Biophilic design integrates natural elements — vegetation, water, natural light, organic materials, views of nature — into the built environment, grounded in the biophilia hypothesis formulated by E.O. Wilson (1984). A meta-analysis by Browning et al. (2014), commissioned by the consultancy Terrapin Bright Green, synthesised 500 studies and concluded that the presence of indoor vegetation reduces perceived stress by 37%, systolic blood pressure by 3 to 5 mmHg, and sick building syndrome (SBS) symptoms by 23%. Views of nature from the workstation reduce visual fatigue by 50% and absenteeism by 10% (Kaplan, 1995). The Amazon Spheres project (Seattle, 2018, NBBJ Architects) materialises these principles: 3 glass domes of 4 storeys house 40,000 plants from 400 species, creating a working environment with a temperature of 22°C, relative humidity of 60%, and CO₂ levels below 600 ppm.

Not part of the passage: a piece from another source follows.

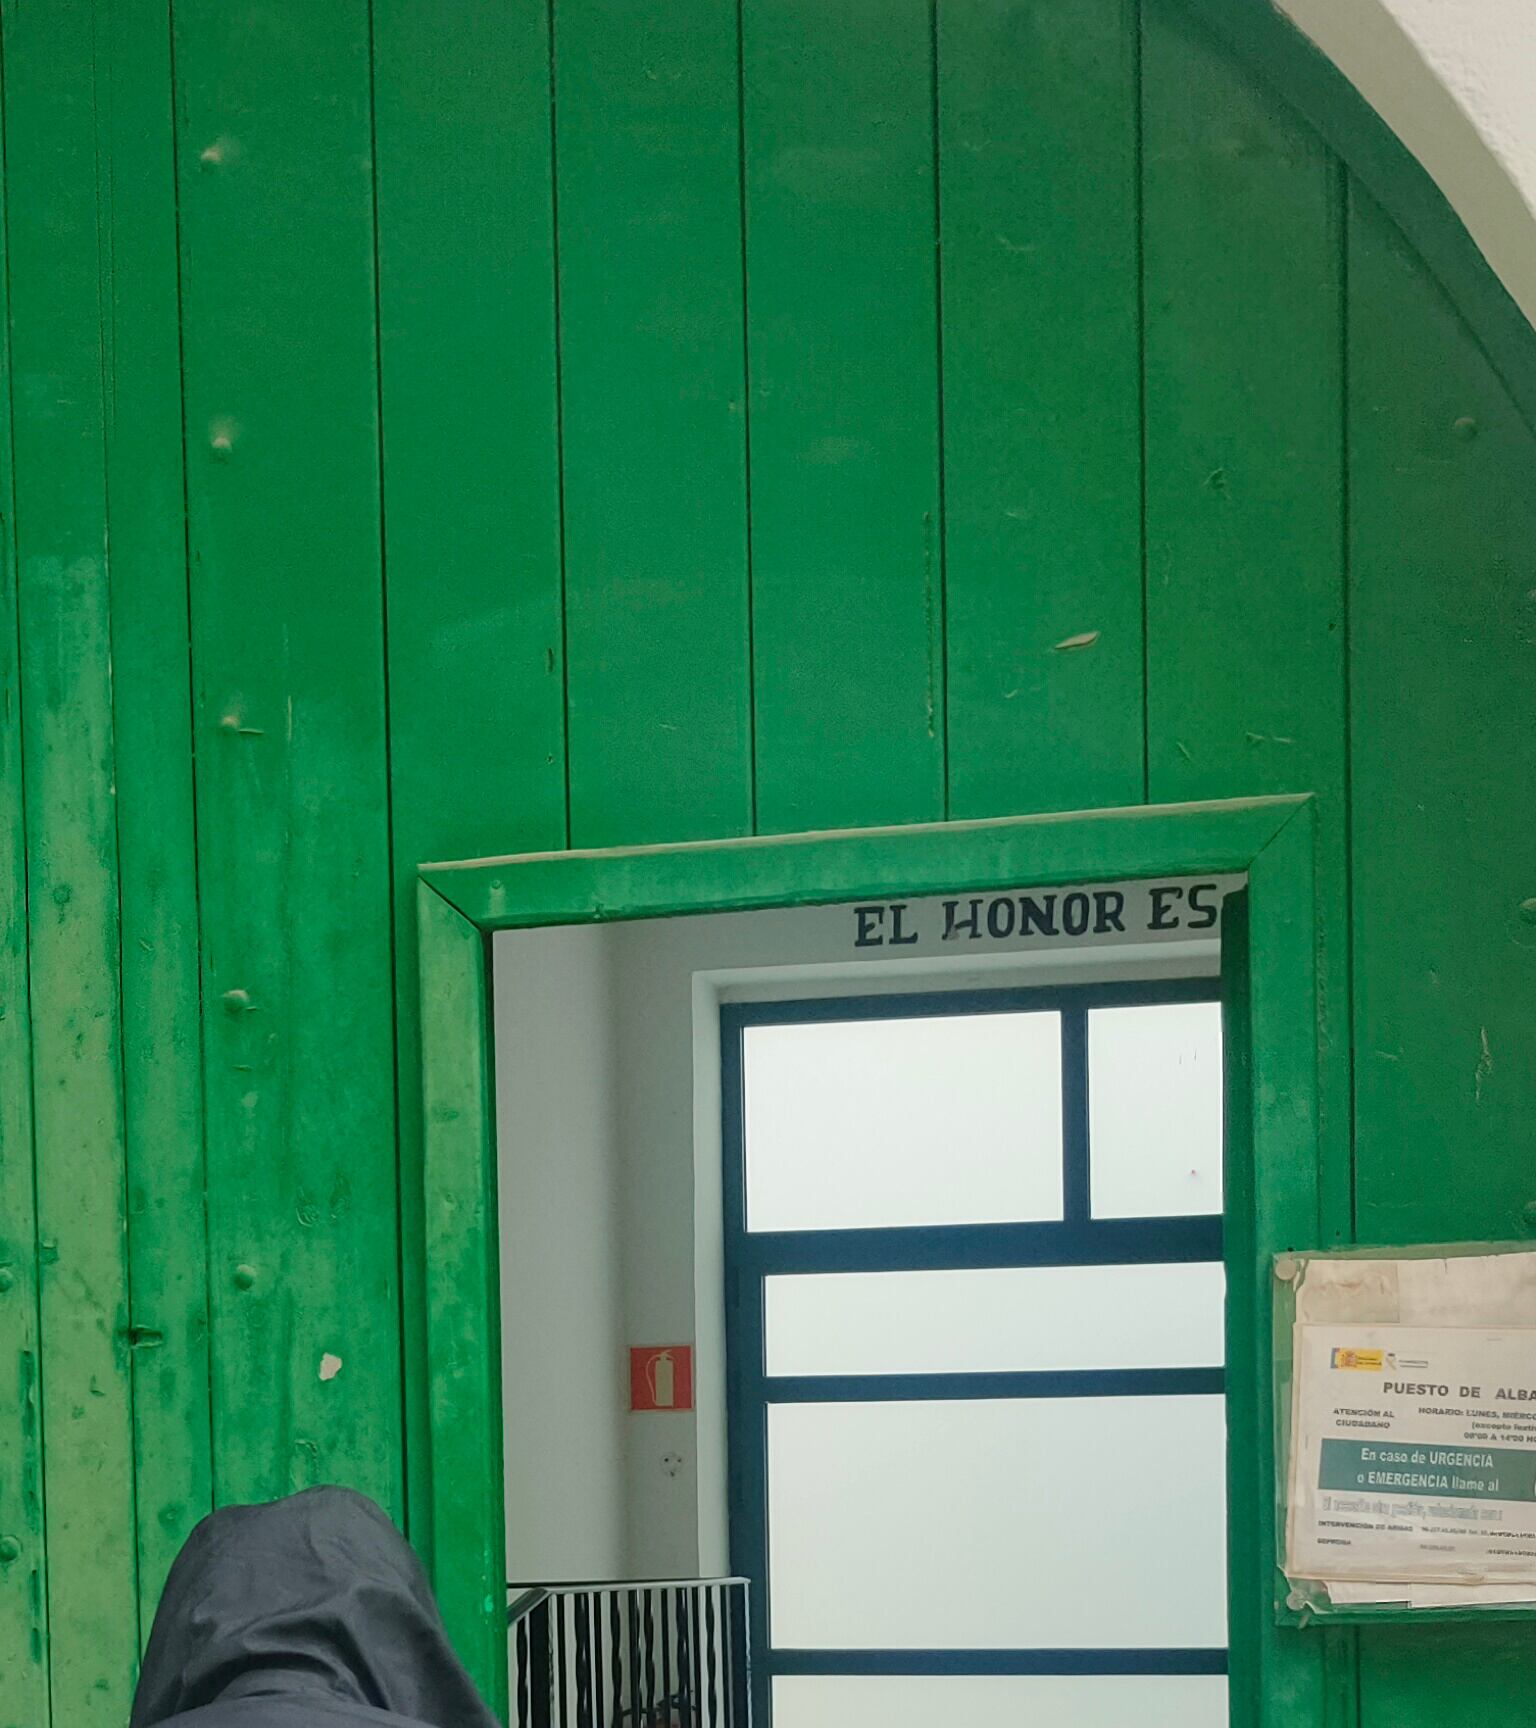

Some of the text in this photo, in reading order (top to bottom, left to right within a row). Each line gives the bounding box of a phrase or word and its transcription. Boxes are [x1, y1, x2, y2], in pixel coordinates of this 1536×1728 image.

The return on investment (ROI) in health-oriented design is quantifiable because salary costs represent 85-90% of total operating costs of an office building, while rent accounts for 8-10% and energy for 1-2% (WorldGBC, 2014). A 5% productivity improvement attributable to design equates to salary cost savings 5-10 times greater than the total annual energy cost of the building. The IWBI (International WELL Building Institute) documents that companies in WELL-certified buildings report absenteeism reductions of 15-25% and talent retention improvements of 12-18%. The additional cost of designing and constructing a building to WELL Silver certification standard ranges between 2% and 5% of the execution budget, with a payback period of 2-4 years considering absenteeism reduction alone. These data demonstrate that the impact of design on health and well-being is not an aesthetic luxury but an investment with verifiable returns in productivity, staff retention, and reduced healthcare costs.